The human body relies on electric signalling for all cellular communication, and the application of exogenous electric fields has been shown to improve would healing, particularly in bones. The advent of lead-free of piezoelectrics provides an opportunity to utilise electromechanically active biomaterials that interface with the human body, electrically communicating with cells and promoting healing. Human bone itself is piezoelectric, using electrical signals to guide bone repair, but contemporary orthopaedic implants lack this inherent electrical stimulation. A piezoelectric implant material could provide both the structural support and electrical signalling necessary to stimulate healing and bone growth. However, the performance of piezoelectric implant materials in biological conditions is not fully understood.

Piezoceramics are well suited to orthopaedic applications due to their bulk mechanical properties, and (K,Na)NbO3 (KNN) is a potential candidate considering its broadly non-toxic constituent ions. Herein we control compositional changes in KNN to improve functional properties and reproducibility in solid-state processing.

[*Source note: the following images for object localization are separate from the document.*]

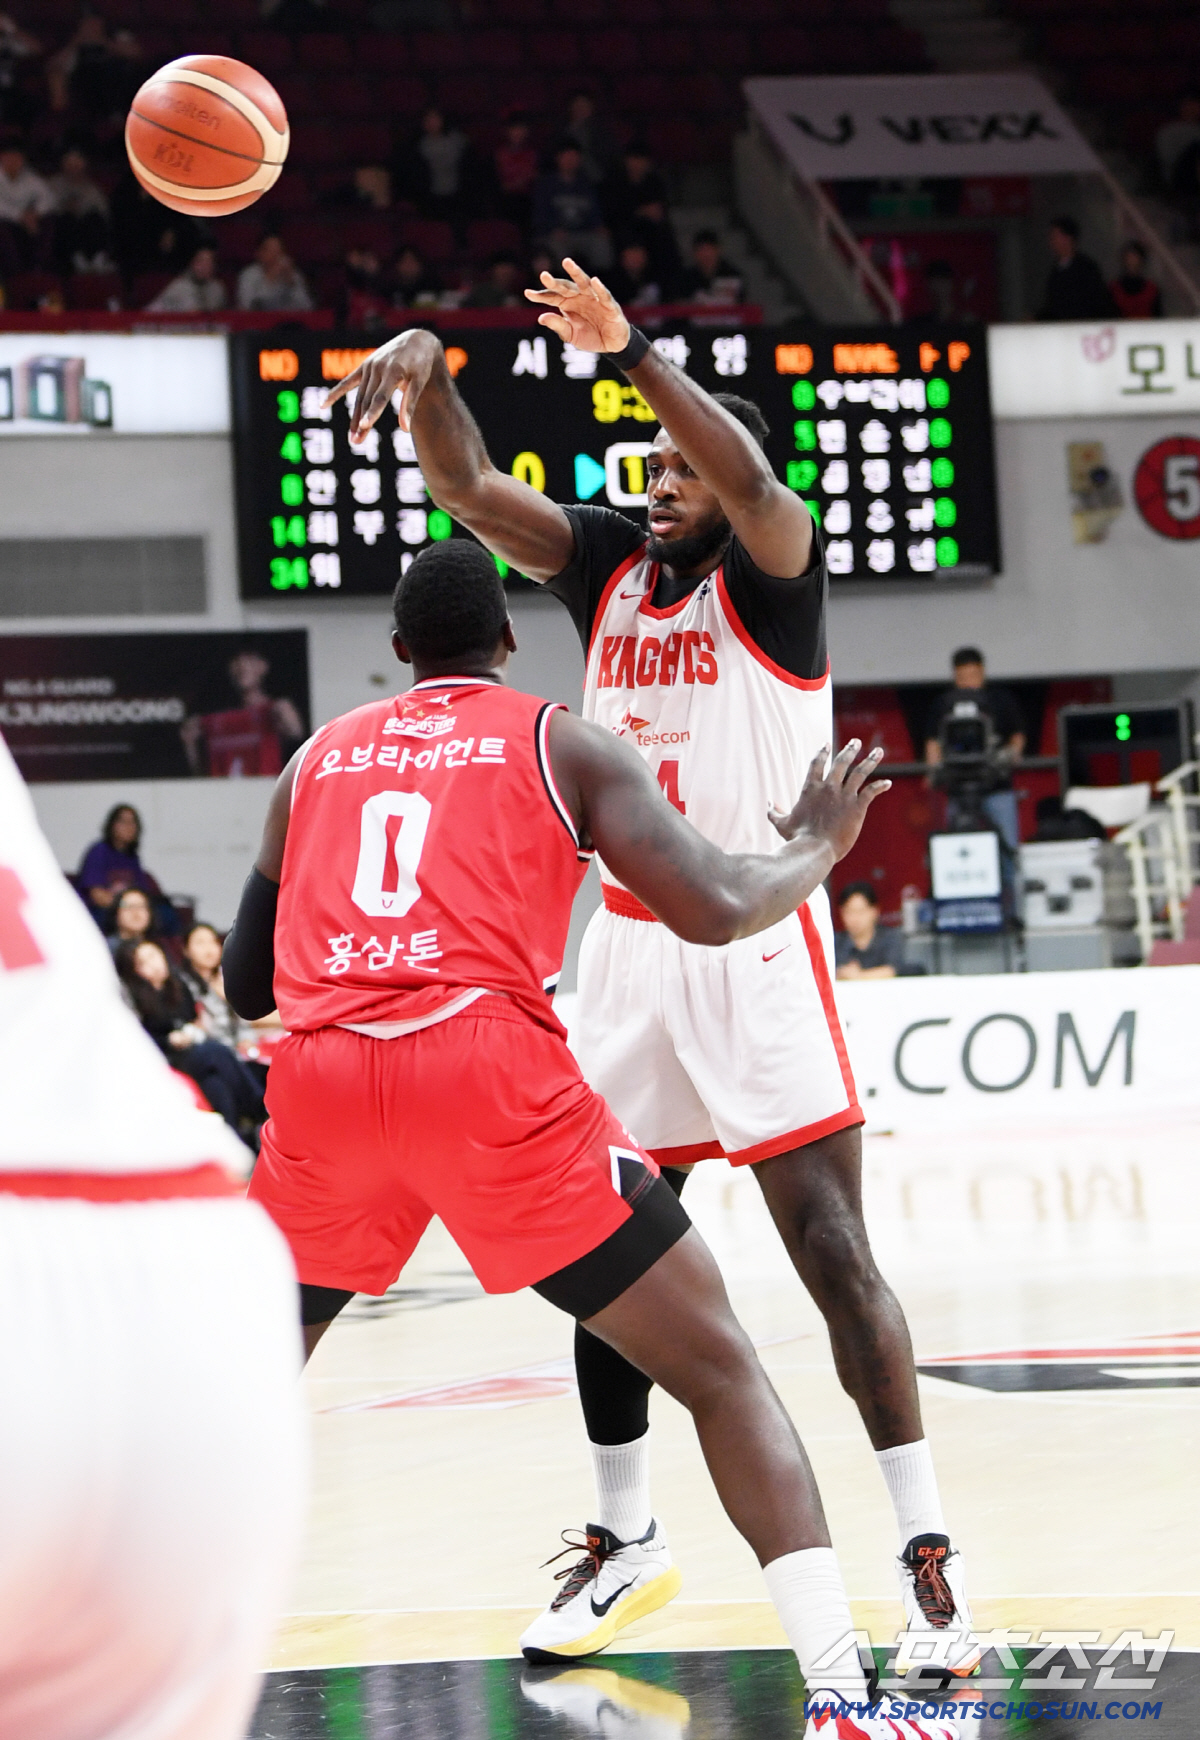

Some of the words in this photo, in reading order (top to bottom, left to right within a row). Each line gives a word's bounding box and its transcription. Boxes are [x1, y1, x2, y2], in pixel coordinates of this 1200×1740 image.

[1165, 454, 1200, 522] 5
[597, 630, 719, 690] KNGHTS
[315, 736, 507, 780] 오브라이언트
[350, 789, 432, 918] 0
[323, 928, 443, 976] 홍삼톤
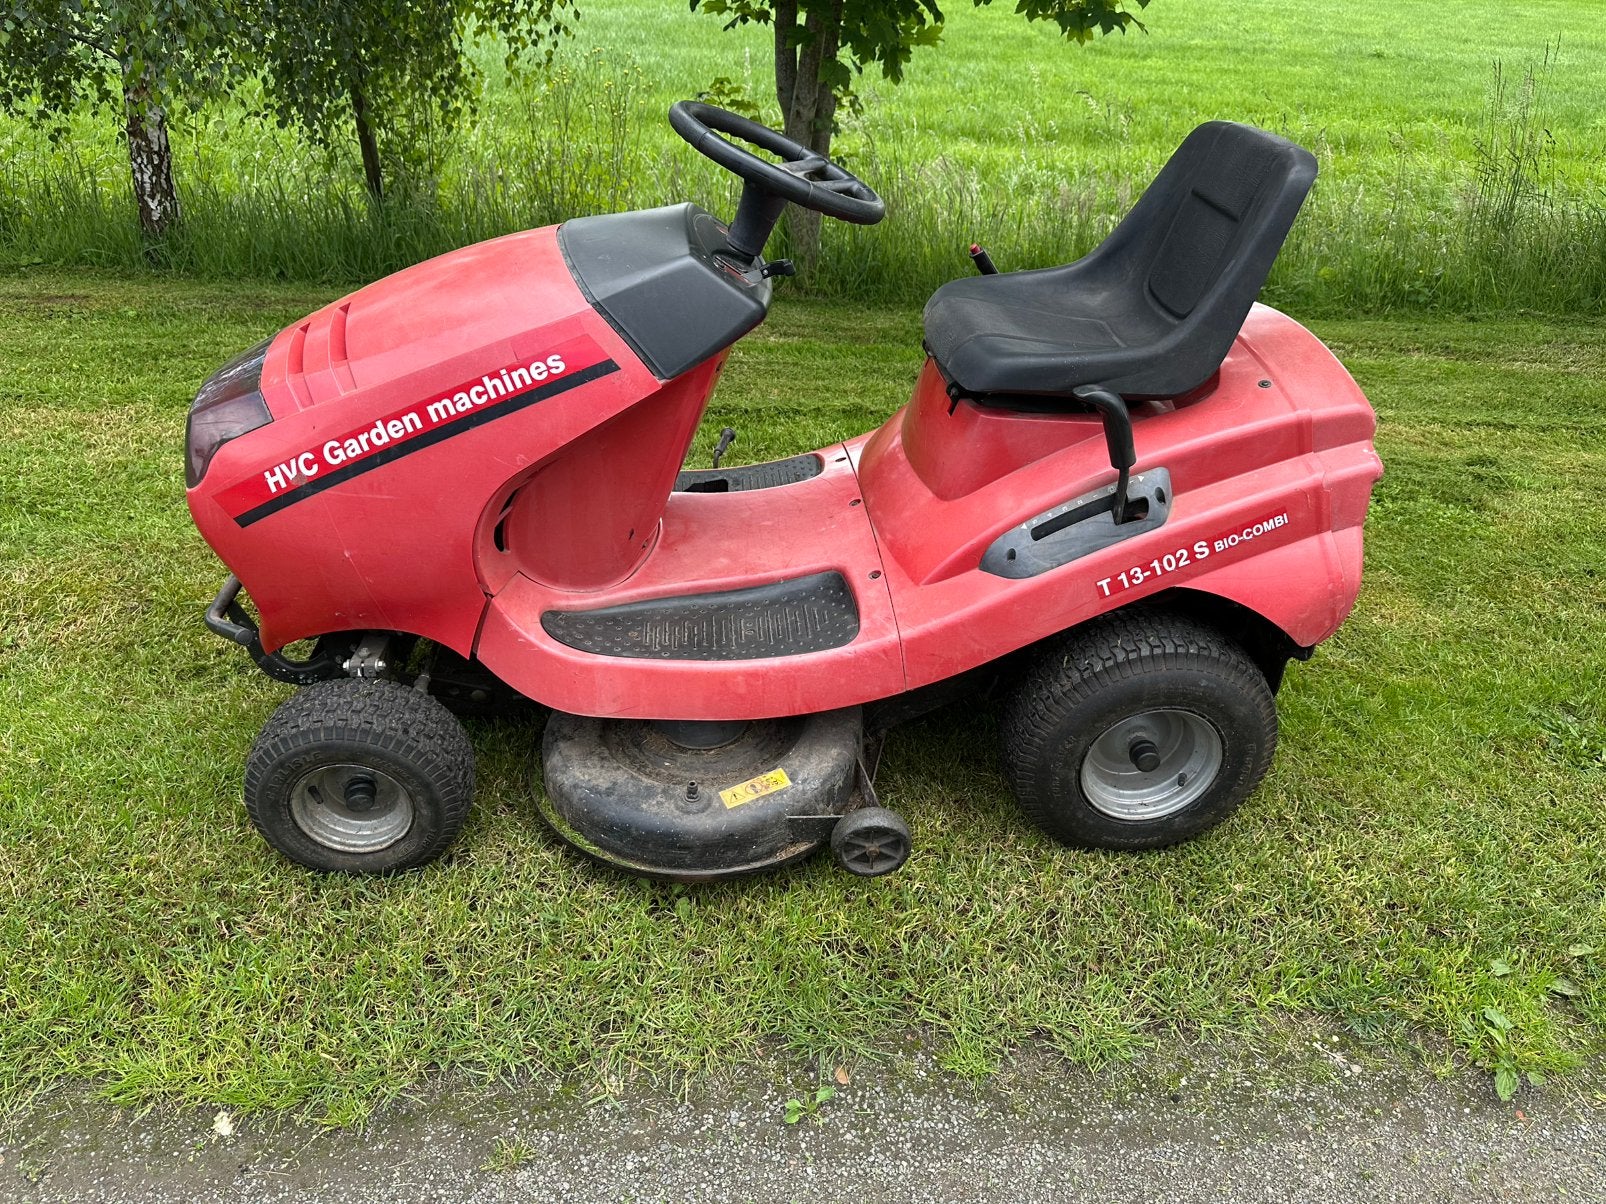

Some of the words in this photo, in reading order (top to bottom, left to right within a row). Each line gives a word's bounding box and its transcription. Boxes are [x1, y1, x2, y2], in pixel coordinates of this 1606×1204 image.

[264, 452, 319, 493] HVC
[323, 412, 423, 465] Garden
[426, 353, 566, 423] machines
[1096, 577, 1111, 596] T
[1117, 548, 1191, 589] 13-102
[1193, 540, 1210, 559] S
[1213, 513, 1289, 553] BIO-COMBI

Local inhomogeneities in ion distribution frequently arise during KNN processing, which then leads to the formation of hygroscopic polyniobate phases. These hygroscopic phases decrease stability in aqueous environments, and thus preclude the use of KNN as an orthopaedic implant. This work presents two approaches for reducing or eliminating these phases: (i) inducing a 2 mol% alkali excess, or (ii) sintering stoichiometric KNN in a hybrid atmosphere. Dimensional stability and electrical properties of these modified KNN materials were maintained over a 14-day in vitro study. Both KNN compositions maintained significant polarisation (up to d₃₃ = 48 pC/N; compare with human bone: 0.7-7 pC/N) with open porosity (up to 24.4%). Pore and interconnect sizes were found to be larger than 10 mm, which is advantageous for tissue infiltration and osseointegration of bone tissue scaffolds. Biocompatibility was established with human osteoblast cell cultures, which exhibited equal or better performance than conventional titanium implant materials.
With demonstrated functional stability and cellular compatibility in vitro, KNN-based bioceramics show promise as orthopaedic implant materials.